On a series of large rocks pushing through the Susquehanna River in Lancaster County, hundreds of rock carvings -- or petroglyphs - appear, thought to have been etched into the rocks 1,000 years ago by Algonquin Indians.
Bucknell Associate Professor of English Alf Siewers, German and Humanities Professor Katie Faull, Geography and Environmental Studies Professor Ben Marsh, and summer researcher Joey McMullen, Class of '09, visited the petroglyphs site in Safe Harbor this summer as part of an effort to uncover and promote the history of the Susquehanna River Valley.
The petroglyph trip was part of a summer project sponsored by the Conservation Fund and the R.K. Mellon and McKenna Foundations.
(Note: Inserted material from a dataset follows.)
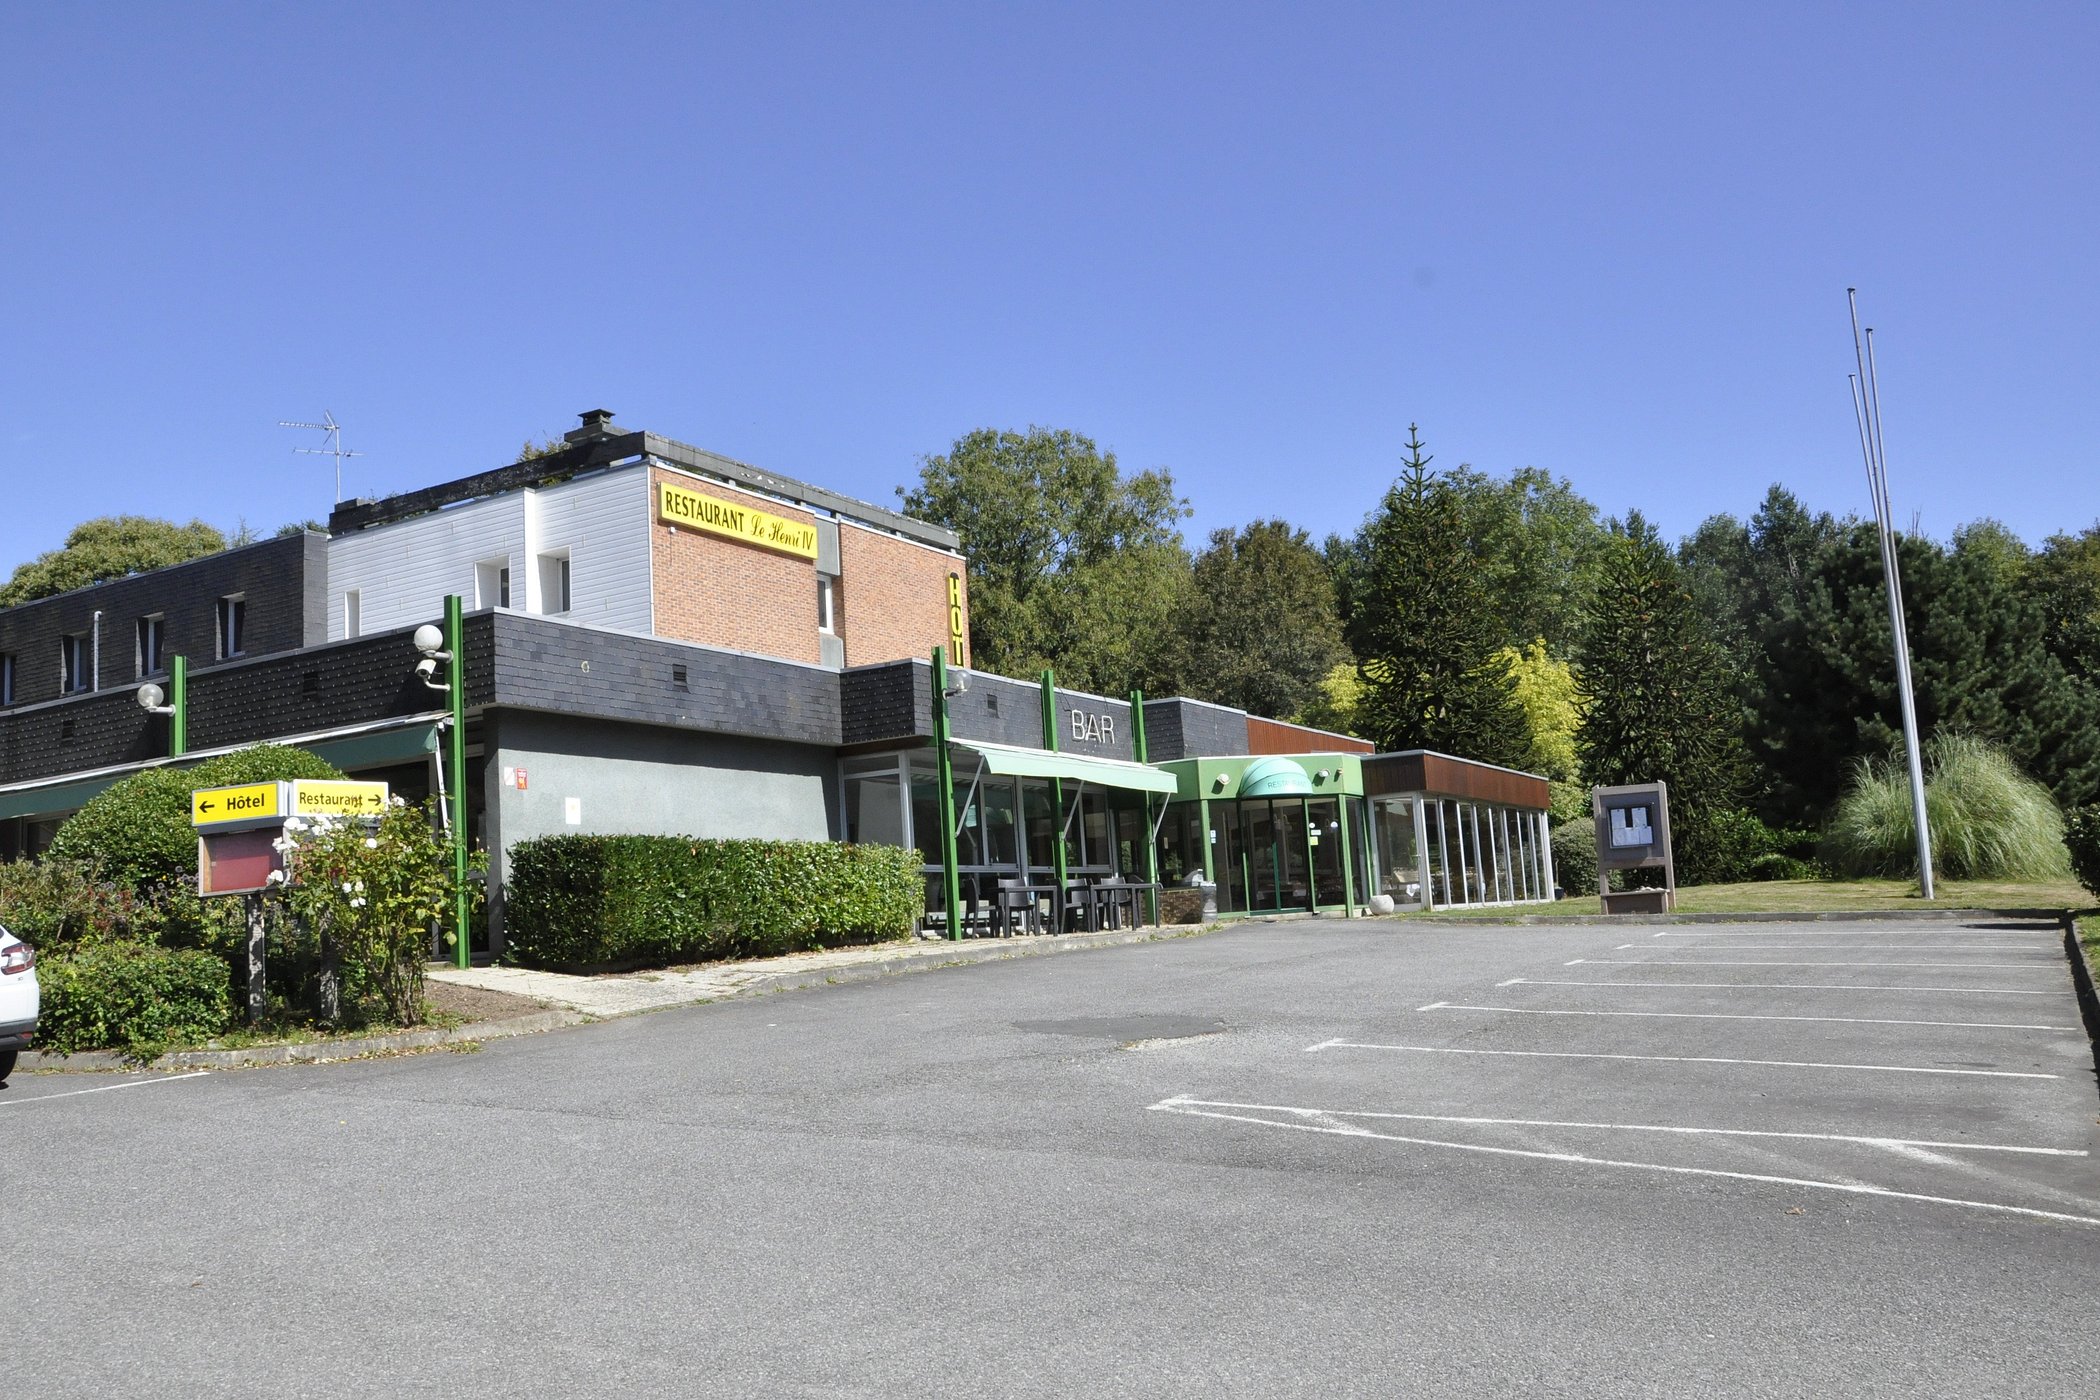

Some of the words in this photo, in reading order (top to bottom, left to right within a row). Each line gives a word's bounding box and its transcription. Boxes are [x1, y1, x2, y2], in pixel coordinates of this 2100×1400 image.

The project relates to a cross-disciplinary program, "Stories of the Susquehanna Valley" and Bucknell's Nature and Human Communities Initiative, which includes efforts to map an extension of a historic water trail, as well as the Susquehanna Writers' Institute and other collaborative projects.
"When you sit under the sky dome formed where the petroglyphs lie, you are in the middle of a kind of environmental text that suggests ways to rethink the relationship between story and nature in which we are formed as human beings," Siewers said. "And the way in which these symbols appear only at certain times of day, and in orientation to certain times of the year, is magical."